Nuke the Nukes and Scrap Instruments of Death

Nuclear bomb testing

Trident, nuclear weapons, Big Daddy, Duke Nukem- whatever you call it, the phallic status symbol docked on Scotland’s west coast has several clingy admirers desperate to extend an ailing relationship. Since Russia’s annexation of Crimea in 2014 and ISIS’ sinister ascendancy, commentators have clutched our not so independent nuclear deterrent closely, wailing unilateral disarmament in our chaotic era would be madness. Enter Jeremy Corbyn and the unilateralists, the most dangerous band you’ve ever hated. Since Corbyn burgled Labour’s throne from rotting Blairites, he’s steadily decontaminated the party of its pax-Toryana image, nuking nukes being the emblem of potential sea-change. Evictees have since frothed from the backbenches, fighting viciously to maintain Labour’s pro-deterrent stance by indulging in the sport Corbyn assiduously partook in when he was an unknown MP: long-distance rebellion.

Within Labour, discussion around Trident was anaesthetised at last October’s Conference by party members, but once the debate rumbles into view again Corbyn and Shadow Chancellor John McDonnell must lead the charge with conviction. Labour’s red Tories overwhelming the party nestle smugly in political discourse’s right-wing berth, evidenced by the abhorrent reaction to Corbyn’s reasserted unilateralism. It is wholly immoral that a man with a slight aversion to nuclear holocaust was characterised as an extremist intent on wilfully endangering the country he clearly adores for the sake of his political legacy. The ‘sensible’ mainstream position he offended, a ‘war is peace’-cum-rather them than us blitz, raises a few queries about who the real extremists are.

As we saw with the recent tragedies in Paris and the 7/7 attacks, nuclear weapons of two permanent members of the UN Security Council didn’t prevent bloodshed. Terrorism, at the risk of losing my one reader, is an asymmetrical threat that cannot be countered with apocalyptic weaponry. Lithe, amorphous groups sustained by fluid capital and surreptitious arms deals cannot be destroyed by nukes any more than conventional armies can without cataclysmic loss of life, therefore quixotic methods must be fruitlessly tossed about in articles no one important will read. David Cameron should’ve used Britain’s considerable hard and soft power to press for sanctions against maniacal autocrats in Qatar and Kuwait who fund and arm a panoply of terror enthusiasts. But the world will see a full Nirvana reunion before these measures are taken, because the Gulf States are Cameron’s allies in injustice facilitating the acquisition of Britain’s regional interests, making Cameron’s de facto support for the terrorists he allegedly despises today’s worst kept secret.

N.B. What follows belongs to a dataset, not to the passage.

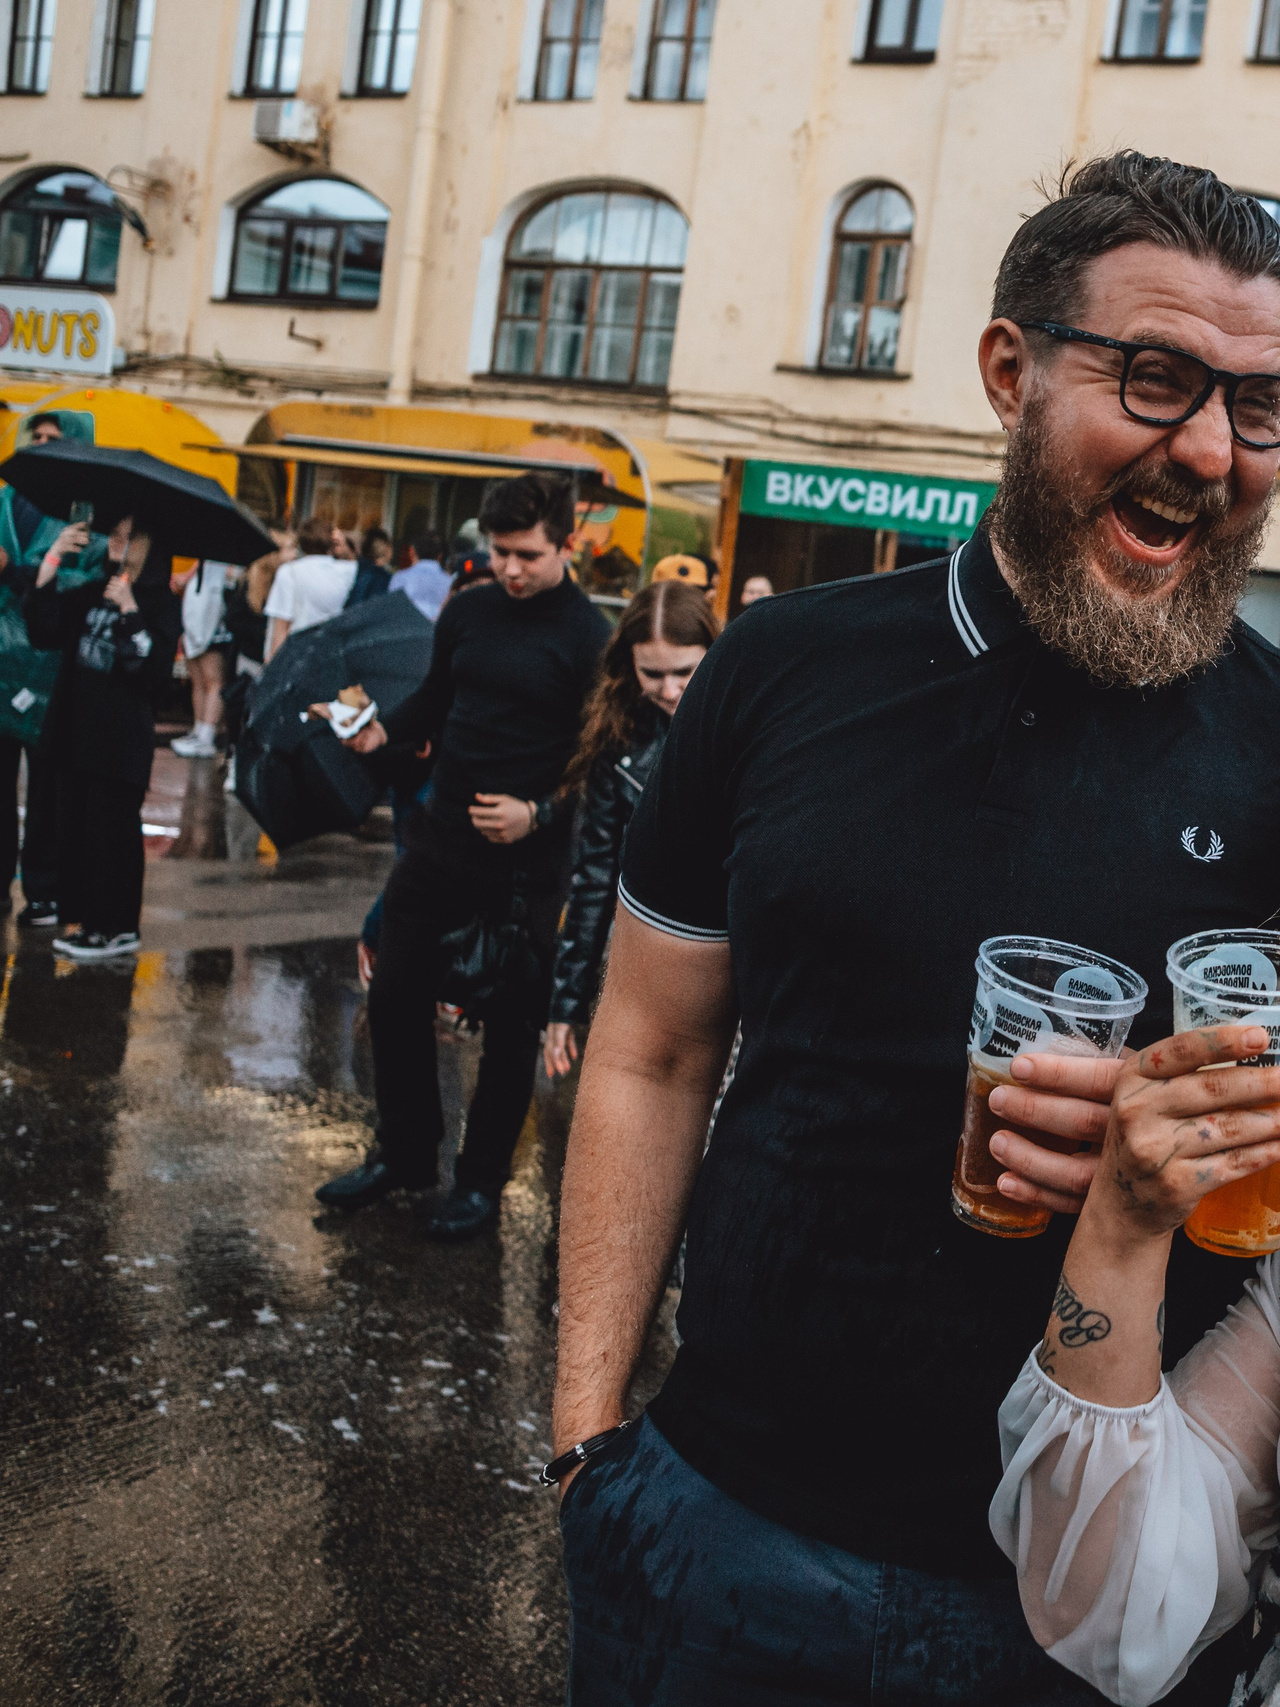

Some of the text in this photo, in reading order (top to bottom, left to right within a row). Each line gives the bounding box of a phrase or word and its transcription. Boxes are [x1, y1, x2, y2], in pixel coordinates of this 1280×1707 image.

[765, 470, 979, 527] ВКУСВИЛЛ
[994, 1016, 1037, 1043] ПИВОВАРНЯ
[995, 1003, 1042, 1032] ВОЛКОВСКАЯ

The oncoming hailstorm of pejoratives masquerading as objective journalism will be composed of personal abuse, manipulated information and massaged statistics that will make The Day After Tomorrow look like The Snowman. Unilateralists must fight a propagandistic war if they are to successfully counter the scribes and bile ducts of the Tory press and use historical and political cases to justify unilateralism, otherwise they will sink in public roars of ‘traitor’. Corbyn and McDonnell have forced unilateral disarmament back into mainstream debate, potentially severing decades of the Washington Consensus between ‘Labour’ and Tories compromising our safety. We shouldn’t wait for other countries to disarm before doing the right thing, but instead lead the way and strive for multilateral disarmament, even carefully targeted economic sanctions against governments who refuse to relinquish instruments of carnage. With the right support and intellectual arguments, Corbyn and McDonnell, along with their allies, can ensure our safety.